(Brief) Please restate all of the records word for word, setting the pictures aside.

--------------------------------------------------

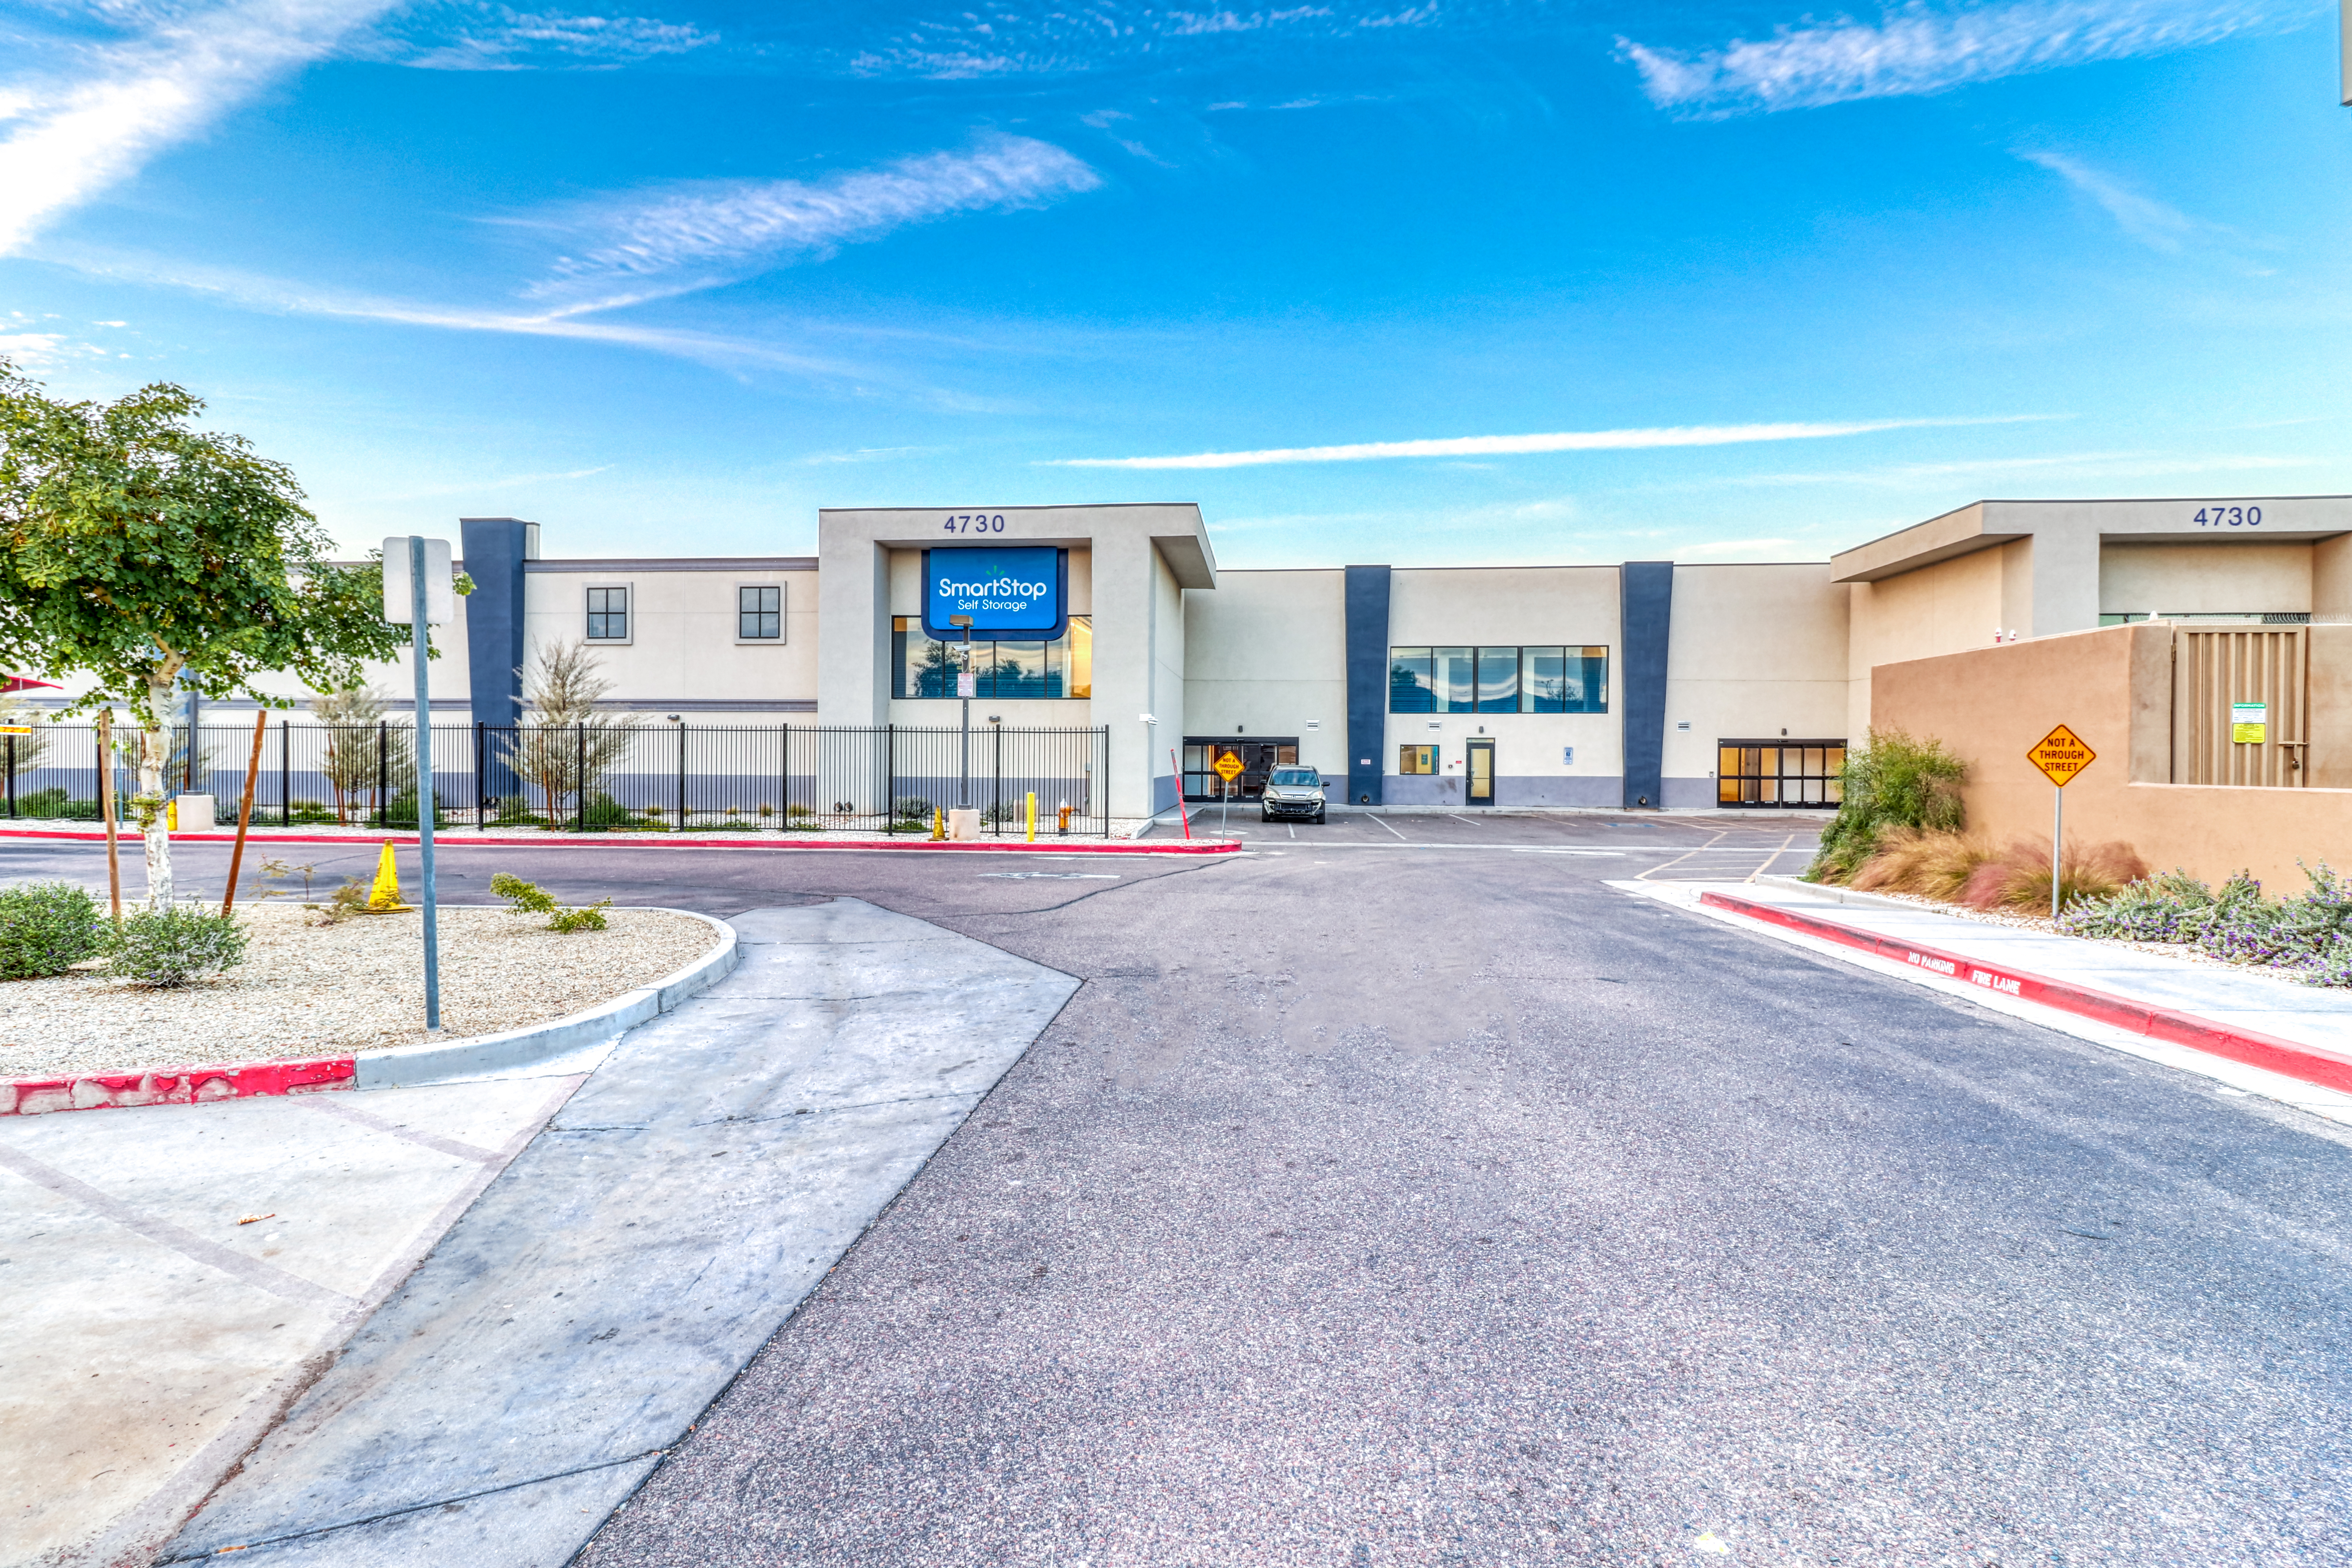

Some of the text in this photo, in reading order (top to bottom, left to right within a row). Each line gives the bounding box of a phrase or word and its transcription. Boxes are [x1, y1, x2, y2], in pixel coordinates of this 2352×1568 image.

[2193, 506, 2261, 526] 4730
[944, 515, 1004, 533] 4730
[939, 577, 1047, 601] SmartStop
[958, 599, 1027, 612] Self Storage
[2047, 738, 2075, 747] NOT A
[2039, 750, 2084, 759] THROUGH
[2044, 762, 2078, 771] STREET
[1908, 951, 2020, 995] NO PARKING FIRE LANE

--------------------------------------------------

(Result below)
Some of the text in this photo, in reading order (top to bottom, left to right within a row). Each line gives the bounding box of a phrase or word and its transcription. Boxes are [x1, y1, x2, y2], in pixel coordinates of this 2352×1568 image.

[2193, 506, 2261, 526] 4730
[944, 515, 1004, 533] 4730
[939, 577, 1047, 601] SmartStop
[958, 599, 1027, 612] Self Storage
[2047, 738, 2075, 747] NOT A
[2039, 750, 2084, 759] THROUGH
[2044, 762, 2078, 771] STREET
[1908, 951, 2020, 995] NO PARKING FIRE LANE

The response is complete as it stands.